The last piece of economic news I want to flag isn’t a statistical release, but a policy change that has the potential to make some waves in the labor market: a proposal by the Federal Trade Commission to ban noncompete clauses in employment contracts. By restricting how much (or, in fact, whether or not) employees can work for competitors, businesses can protect both their economic and intellectual property interests, but the question is whether that employer advantage comes at the cost of workers’ rights and hinders competition in the labor market. Speaking of which…
In The Papers
The resident expert on noncompete agreements here at Lightcast is Matt Walsh, so I want to highlight one of his papers this week: “The Effect of No-poaching Restrictions on Worker Earnings in Franchised Industries,” co-authored with Brian Callaci, Sergio Pinto, and Marshall Steinbaum.
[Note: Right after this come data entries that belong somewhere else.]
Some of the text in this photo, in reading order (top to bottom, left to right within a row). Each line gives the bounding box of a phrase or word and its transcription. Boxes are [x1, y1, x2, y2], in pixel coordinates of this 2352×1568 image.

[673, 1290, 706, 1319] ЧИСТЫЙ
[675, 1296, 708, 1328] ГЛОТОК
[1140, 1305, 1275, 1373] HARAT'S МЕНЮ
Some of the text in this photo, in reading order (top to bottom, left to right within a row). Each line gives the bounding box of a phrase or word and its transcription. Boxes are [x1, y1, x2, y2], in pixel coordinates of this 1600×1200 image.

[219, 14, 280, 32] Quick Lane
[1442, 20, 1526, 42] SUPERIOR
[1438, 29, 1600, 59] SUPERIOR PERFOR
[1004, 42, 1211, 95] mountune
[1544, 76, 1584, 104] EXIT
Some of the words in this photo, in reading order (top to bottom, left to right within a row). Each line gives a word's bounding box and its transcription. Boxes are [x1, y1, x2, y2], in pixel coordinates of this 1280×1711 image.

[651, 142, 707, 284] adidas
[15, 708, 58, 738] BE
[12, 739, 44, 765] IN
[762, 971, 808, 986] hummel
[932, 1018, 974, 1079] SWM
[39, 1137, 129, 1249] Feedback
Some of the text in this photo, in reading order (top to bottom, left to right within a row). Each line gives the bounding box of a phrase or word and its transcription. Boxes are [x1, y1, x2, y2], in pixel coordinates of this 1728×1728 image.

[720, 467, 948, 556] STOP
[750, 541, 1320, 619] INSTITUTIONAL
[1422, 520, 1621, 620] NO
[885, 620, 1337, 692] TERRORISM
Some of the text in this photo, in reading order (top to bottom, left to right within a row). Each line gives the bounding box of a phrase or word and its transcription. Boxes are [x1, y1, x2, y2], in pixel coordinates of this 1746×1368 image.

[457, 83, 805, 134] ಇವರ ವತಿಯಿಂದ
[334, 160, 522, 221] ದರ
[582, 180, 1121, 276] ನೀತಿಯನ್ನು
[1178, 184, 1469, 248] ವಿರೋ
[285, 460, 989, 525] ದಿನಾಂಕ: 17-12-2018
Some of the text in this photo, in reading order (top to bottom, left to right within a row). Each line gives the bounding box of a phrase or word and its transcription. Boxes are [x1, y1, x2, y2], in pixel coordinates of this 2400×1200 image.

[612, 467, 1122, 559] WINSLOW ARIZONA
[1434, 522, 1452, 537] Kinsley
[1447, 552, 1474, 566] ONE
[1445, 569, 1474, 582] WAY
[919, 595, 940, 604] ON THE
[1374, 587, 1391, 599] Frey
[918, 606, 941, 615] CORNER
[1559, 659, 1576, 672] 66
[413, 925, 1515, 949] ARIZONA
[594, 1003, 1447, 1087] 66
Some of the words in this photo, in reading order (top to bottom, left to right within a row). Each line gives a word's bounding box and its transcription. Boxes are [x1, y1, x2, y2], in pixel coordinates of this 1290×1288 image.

Their research covered the period between 2018 and 2020, when the Washington State Attorney General’s office led a campaign to discontinue no-poach clauses in franchising contracts. The legal details are complex, but essentially, but essentially, the typical contracts that fast food workers signed restricted them from switching to new jobs at other fast food restaurants, and then that restriction was lifted.
Once it became possible to switch jobs, pay across the fast-food industry saw a boost, by an average of 8.3%. The median worker in the affected group earned $26,133 before the pay rate increased, corresponding to an annual boost of $862.39. They identified this change by means of job posting data that Lightcast collected. The researchers were able to narrow in on the relevant variables (like geography, company name, occupation, and advertised salary) because of how they matched company-level policies with our job posting data.
The number of workers at these specific restaurant franchises between those specific years obviously don’t represent the entire labor market, but the finding is sound: increased competition in this labor market led to higher wages. It’s easy to see a situation where conditions respond in a similar way across the entire US, if the FTC recommendation to ban noncompetes is adopted. We’ll keep watching to see what unfolds.